THE PROBLEM
When a record holds a picture, leave the picture out and copy everything else exactly.

RECORDS PROVIDED
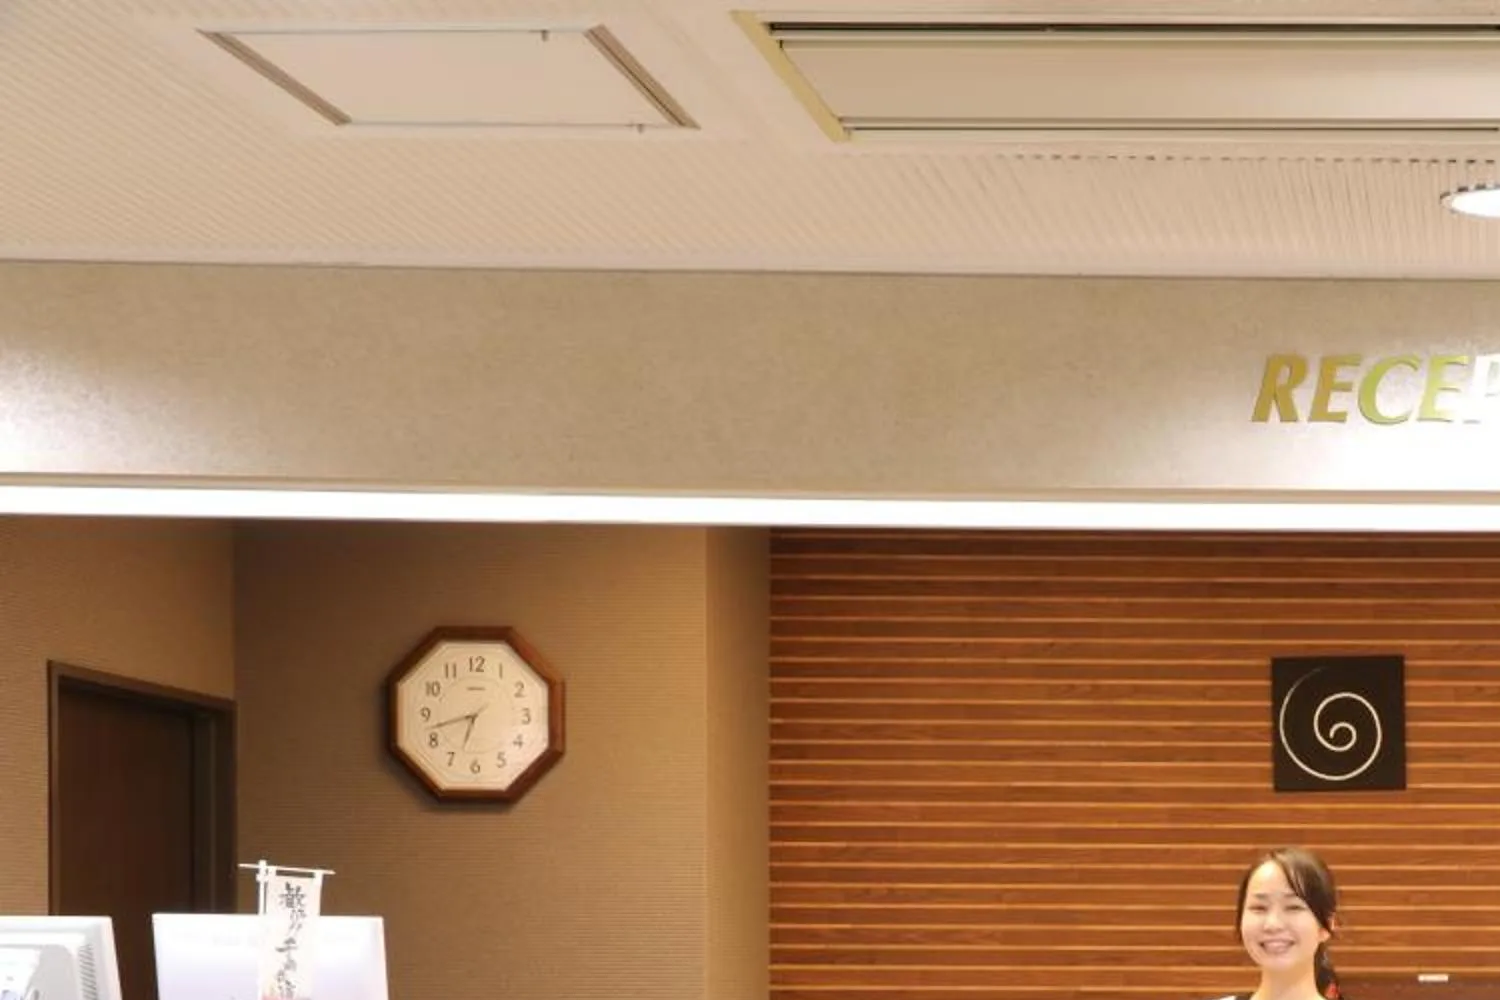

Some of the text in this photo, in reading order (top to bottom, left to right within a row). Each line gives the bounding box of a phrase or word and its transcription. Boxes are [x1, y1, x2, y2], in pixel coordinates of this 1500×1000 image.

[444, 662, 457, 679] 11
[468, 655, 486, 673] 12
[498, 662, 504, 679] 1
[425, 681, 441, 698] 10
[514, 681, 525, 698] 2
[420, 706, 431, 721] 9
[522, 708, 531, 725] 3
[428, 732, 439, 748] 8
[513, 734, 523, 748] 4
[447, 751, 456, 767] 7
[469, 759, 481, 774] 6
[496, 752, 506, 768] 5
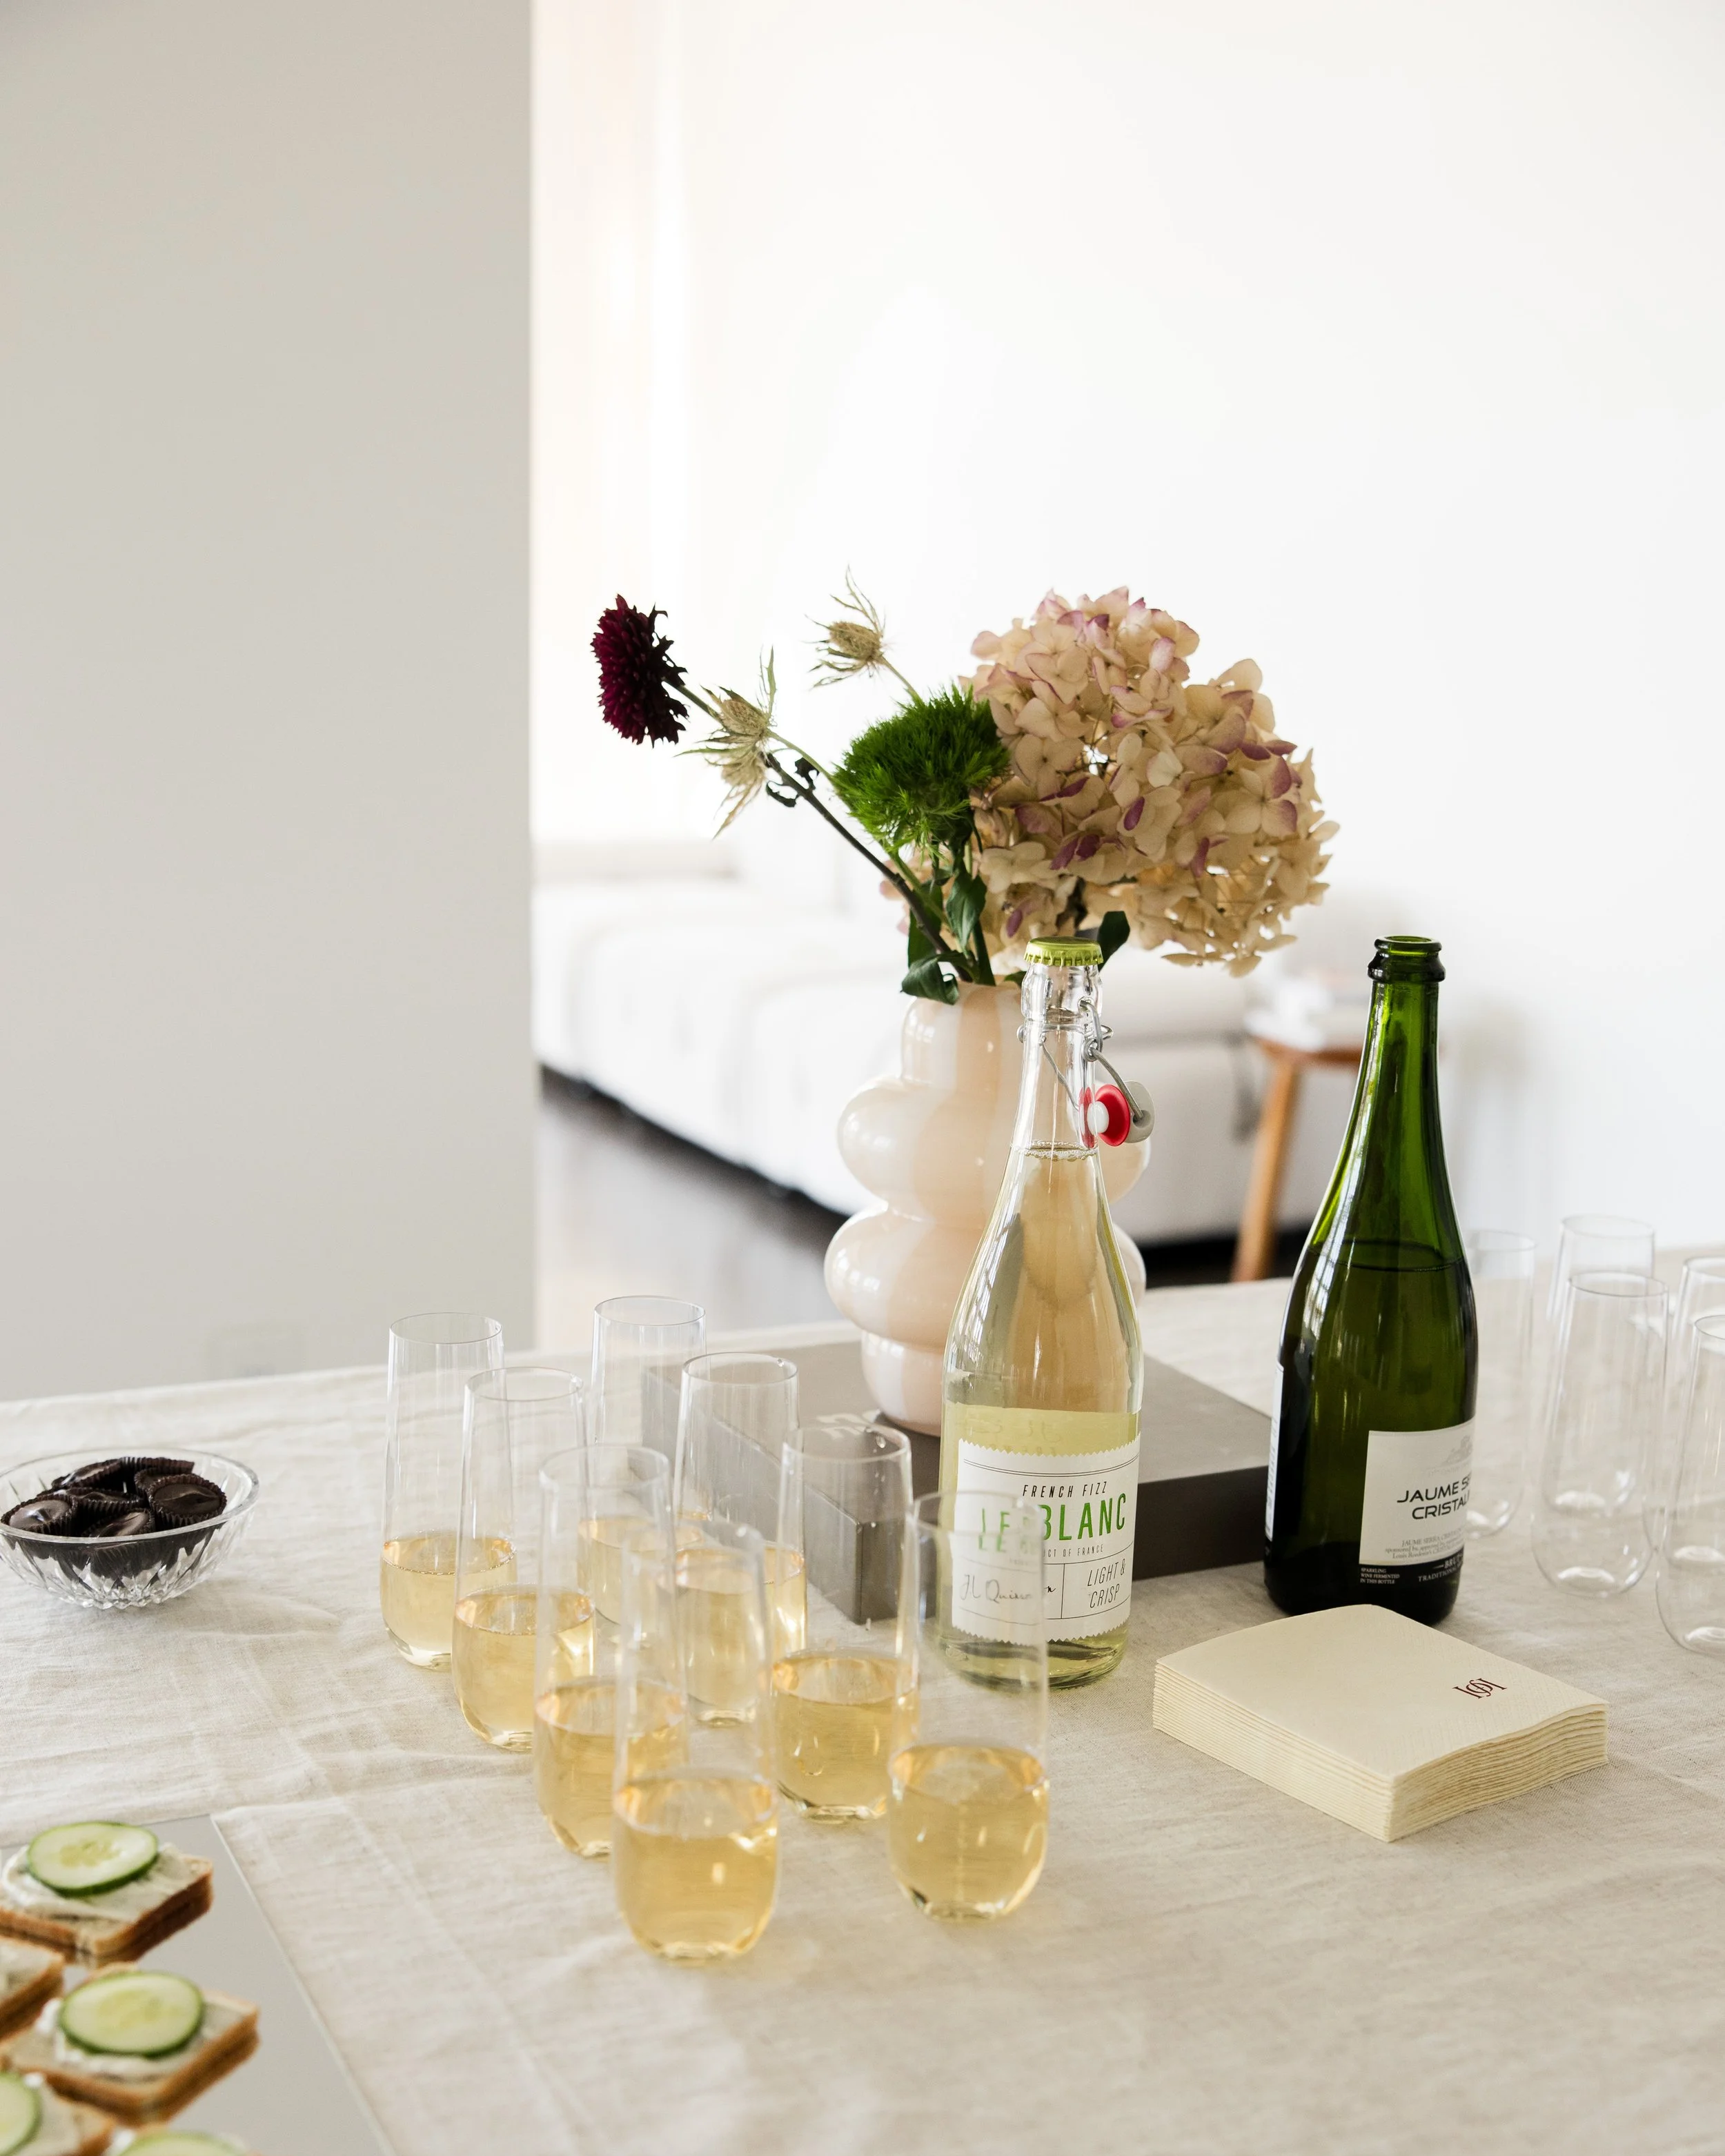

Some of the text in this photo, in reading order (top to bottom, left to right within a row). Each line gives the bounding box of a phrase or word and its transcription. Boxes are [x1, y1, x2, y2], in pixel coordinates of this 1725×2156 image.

SOLUTION TO THE PROBLEM
Some of the text in this photo, in reading order (top to bottom, left to right within a row). Each line gives the bounding box of a phrase or word and its transcription. Boxes are [x1, y1, x2, y2], in pixel coordinates of this 1500×1000 image.

[444, 662, 457, 679] 11
[468, 655, 486, 673] 12
[498, 662, 504, 679] 1
[425, 681, 441, 698] 10
[514, 681, 525, 698] 2
[420, 706, 431, 721] 9
[522, 708, 531, 725] 3
[428, 732, 439, 748] 8
[513, 734, 523, 748] 4
[447, 751, 456, 767] 7
[469, 759, 481, 774] 6
[496, 752, 506, 768] 5

Some of the text in this photo, in reading order (top to bottom, left to right within a row). Each line gives the bounding box of a phrase or word and its transcription. Boxes are [x1, y1, x2, y2], in pixel coordinates of this 1725×2156 image.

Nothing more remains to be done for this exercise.